Li Ling membalas para siswi dengan senyuman ramah, mengabaikan tatapan penuh kebencian dari para siswa laki-laki.

“Wah, Pak Guru Saito tersenyum padaku! Senyumannya cerah sekali, makin ganteng saja!”

“Bodoh, itu jelas senyum untukku!”

“Dasar, dia tersenyum padaku, tahu!”

“Ehem!” Oozawa berdeham keras dua kali, dalam hati menyesali telah mengizinkan Li Ling masuk mendengarkan pelajaran hari ini.

Orang ini malah menarik seluruh perhatian para gadis, bagaimana mungkin dirinya bisa membina ‘persahabatan murni’ dengan para siswi manis itu?

Tidak, lain kali harus menolak permintaan Pak Guru Saito untuk mendengarkan pelajaran.

“Baik, tenang semuanya! Sekarang kita mulai pelajaran.”

Dengan teguran Oozawa, suara bisik-bisik para siswi langsung mereda, mereka pun membuka buku pelajaran dan mulai mendengarkan.

Namun, mata mereka tetap sesekali melirik ke arah Li Ling.

Li Ling sendiri tidak mempedulikan tatapan para siswi itu, pikirannya kini sibuk merencanakan tugas yang akan diemban.

Tugas Li Ling adalah menyelamatkan Akimoto Ezhika, membantunya lolos dari ujian para dewa.

Kelas tempat Akimoto Ezhika berada adalah 2-C, itu telah dikonfirmasi Li Ling sebelum masuk kelas.

Kelas 2-A, B, dan C berada di lantai yang sama, saling berdampingan. Kelas tempatnya sekarang dengan B berdampingan, setelah itu baru kelas C.

Jika permainan dimulai dari pelajaran ini, setelah dirinya berhasil lolos, hal pertama yang harus dilakukan adalah mencari Akimoto Ezhika dan selalu bersamanya untuk memastikan keselamatannya.

Setelah rencana tersusun, Li Ling kini hanya perlu berkonsentrasi penuh pada pelajaran, menanti dimulainya permainan pertama.

Di depan kelas, Oozawa mulai mengajar.

Harus diakui, meski pikirannya sedikit tak murni dan kelakuannya agak mesum, Oozawa mengajar dengan sangat menarik dan pengetahuannya sangat luas.

Tak heran, sebagai pria yang sudah melewati tiga SMA, ia memang berpengalaman.
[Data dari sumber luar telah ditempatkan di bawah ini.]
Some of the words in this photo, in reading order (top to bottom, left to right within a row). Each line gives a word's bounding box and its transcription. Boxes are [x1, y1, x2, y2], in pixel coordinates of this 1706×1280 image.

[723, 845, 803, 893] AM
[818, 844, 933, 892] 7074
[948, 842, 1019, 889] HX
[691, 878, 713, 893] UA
Para siswa pun mendengarkan dengan penuh minat.

“Boneka Daruma… jatuh!”

Satu demi satu siswa berubah menjadi mayat tanpa kepala yang ambruk di lantai, darah segar berceceran, suara jeritan ketakutan terdengar dari siswa yang masih selamat.

Tubuh Li Ling menegang, kedua tangannya mengepal kuat-kuat, giginya terkatup rapat.
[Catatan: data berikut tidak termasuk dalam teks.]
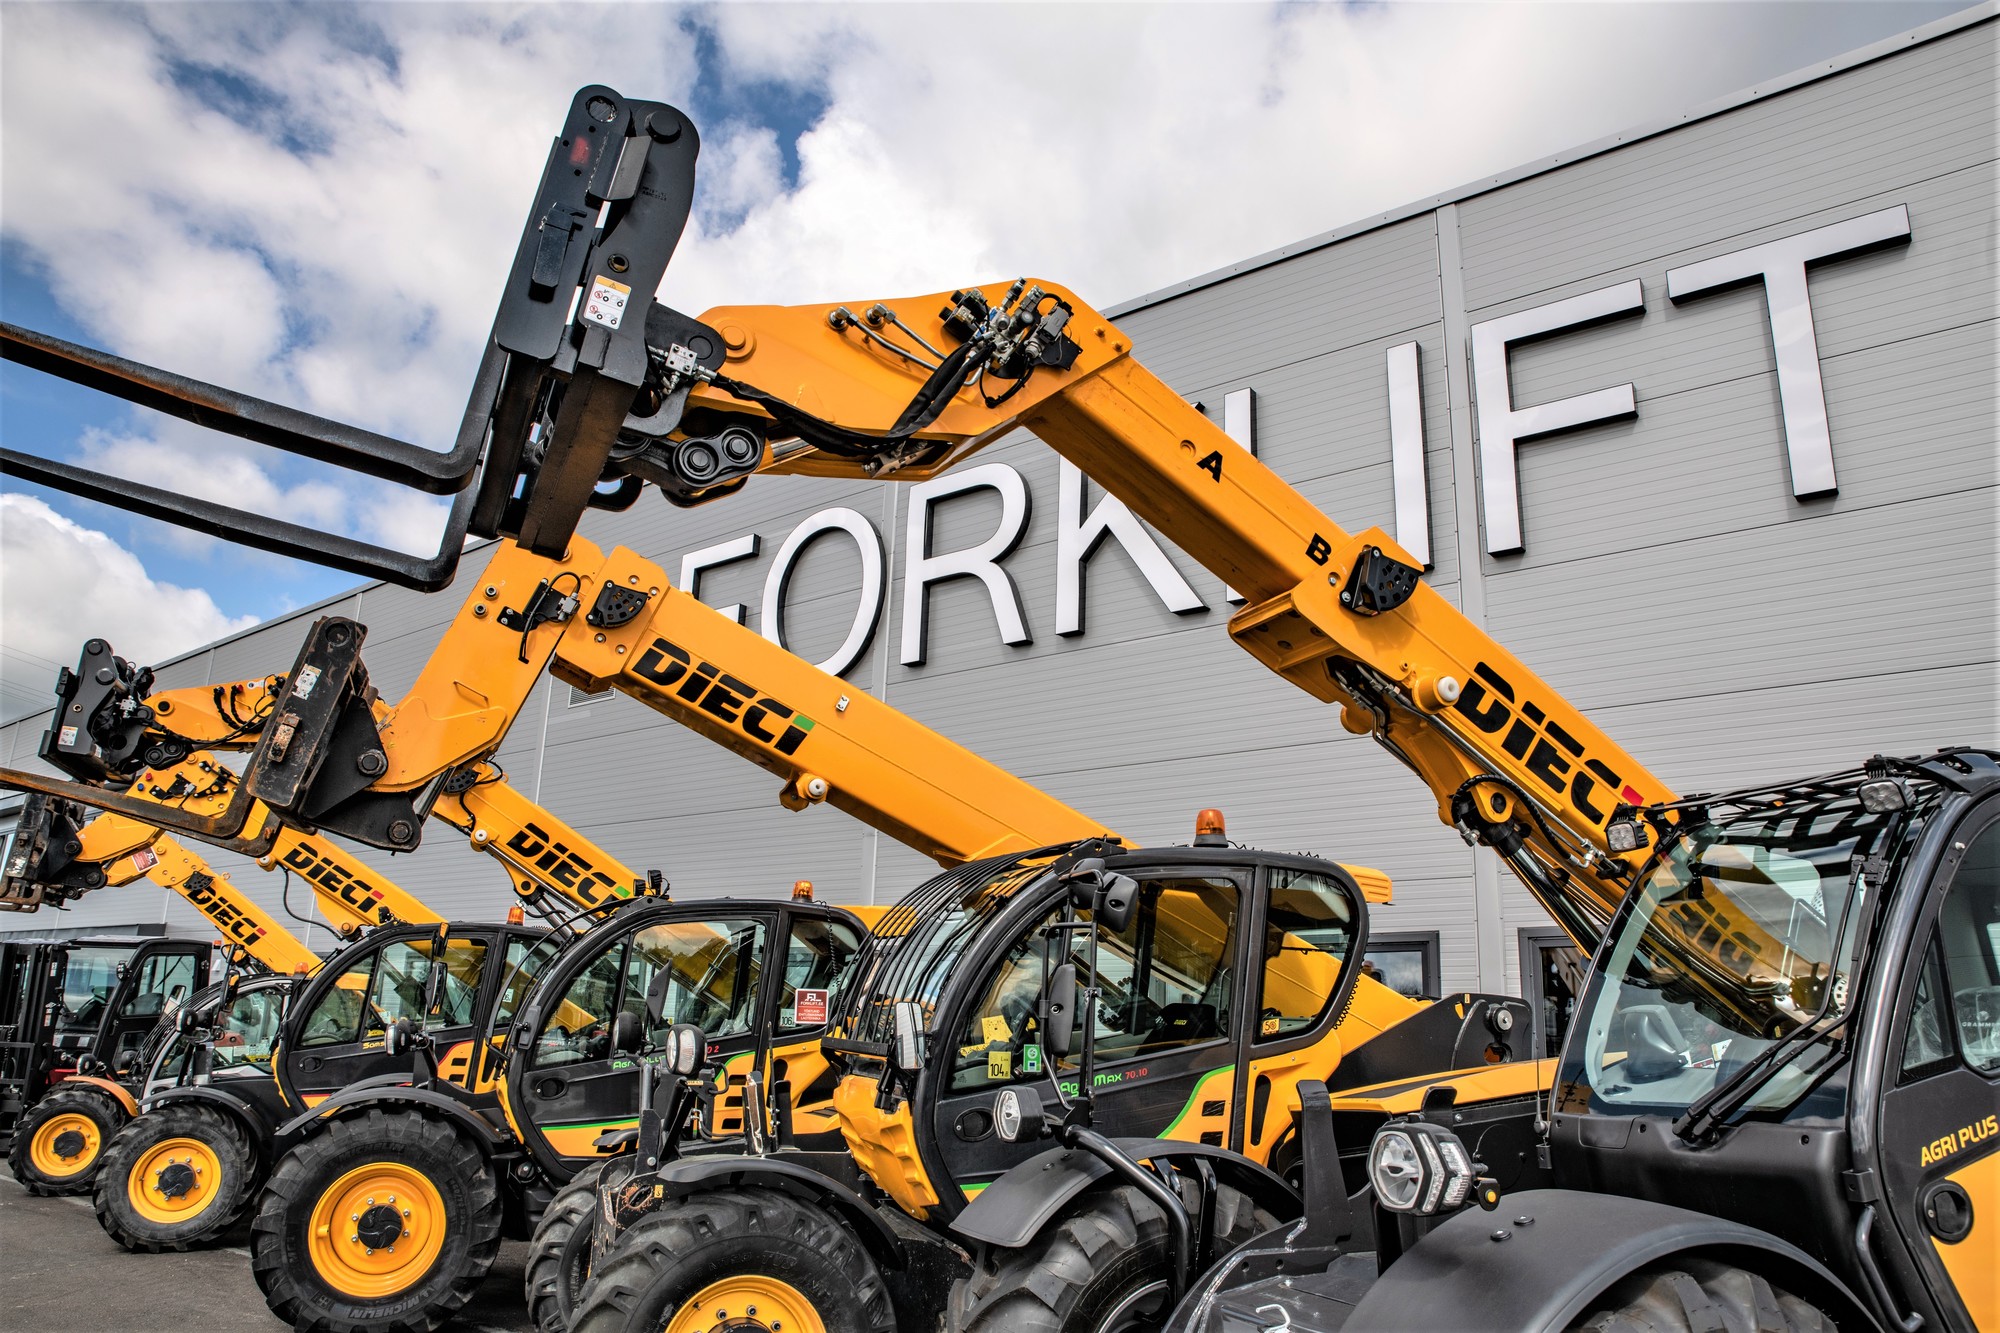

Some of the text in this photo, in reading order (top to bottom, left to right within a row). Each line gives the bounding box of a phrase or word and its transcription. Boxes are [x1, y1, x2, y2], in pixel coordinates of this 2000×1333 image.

[1196, 450, 1223, 483] A
[1305, 532, 1332, 566] B
[632, 637, 816, 756] DIECI
[1452, 661, 1645, 825] DIEC
[282, 841, 385, 913] DIECI
[990, 1063, 1004, 1077] 104
[1125, 1067, 1148, 1080] 70.10
[1920, 1114, 2000, 1168] AGRI PLUS
[348, 1294, 421, 1320] MICHELIN
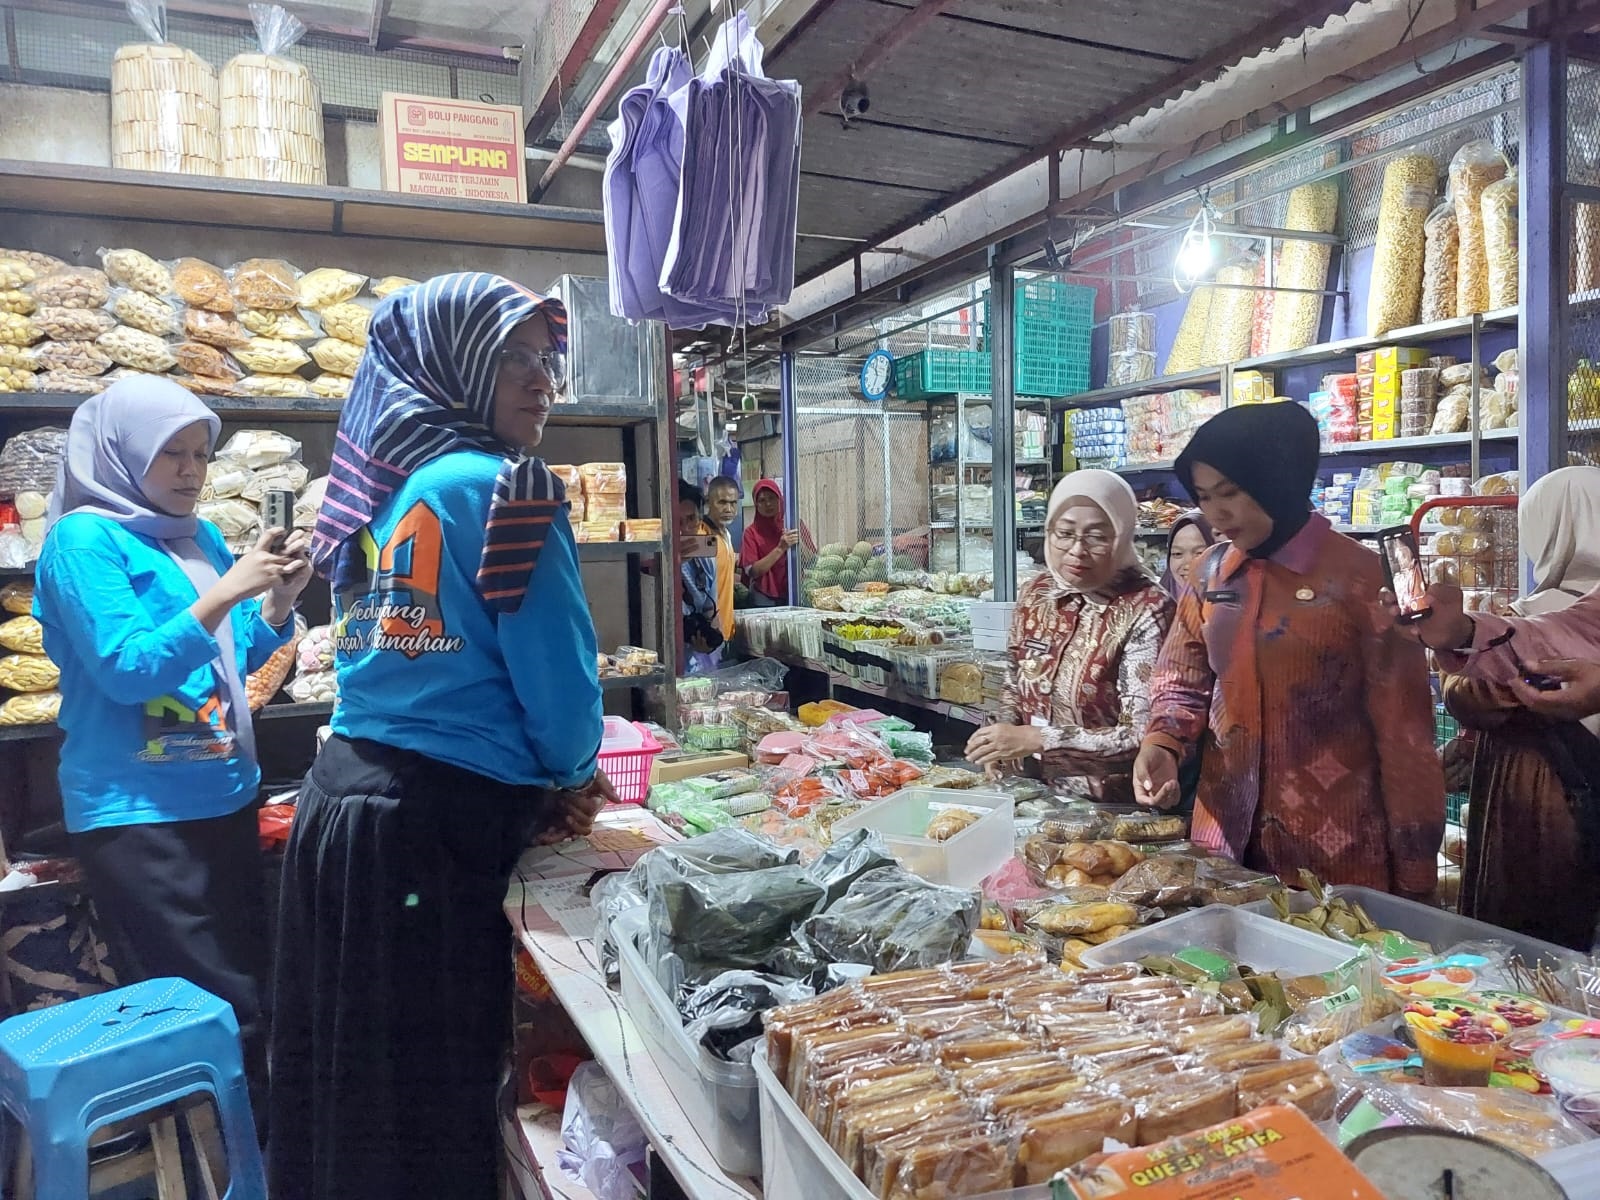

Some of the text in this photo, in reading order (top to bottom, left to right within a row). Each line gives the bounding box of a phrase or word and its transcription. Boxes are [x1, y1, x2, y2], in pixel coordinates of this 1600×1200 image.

[428, 110, 499, 126] BOLU PANGGANG
[403, 141, 508, 170] SEMPURNA
[419, 171, 500, 187] KWALITET TERJAMIN
[409, 183, 457, 196] MAGELANG
[465, 188, 510, 200] INDONESIA
[1130, 1151, 1205, 1186] QUEEN
Sesuai dugaan, permainan benar-benar dimulai hari ini.

Di depan kelas, tubuh Oozawa tergeletak tanpa kepala.

Saat itu, Oozawa sedang mengajar dengan semangat, mengambil kapur dan hendak menulis di papan tulis.

Namun, tiba-tiba kepalanya meledak, darahnya tidak mengucur seperti biasa, melainkan berubah menjadi bulir-bulir merah darah yang aneh karena pengaruh aturan permainan.

Bulir-bulir darah itu memercik ke segala arah, beberapa di antaranya mengenai wajah Li Ling.

Di tempat kepala Oozawa yang hancur itu, muncul boneka Daruma yang berwajah menyeramkan.

Walaupun sudah bersiap, Li Ling tetap saja gemetar menyaksikan pemandangan mengerikan ini.

Melihat tubuh Oozawa yang terus bergetar tanpa kepala, dengan darah yang terus menetes menjadi butiran, tubuh Li Ling terasa membeku.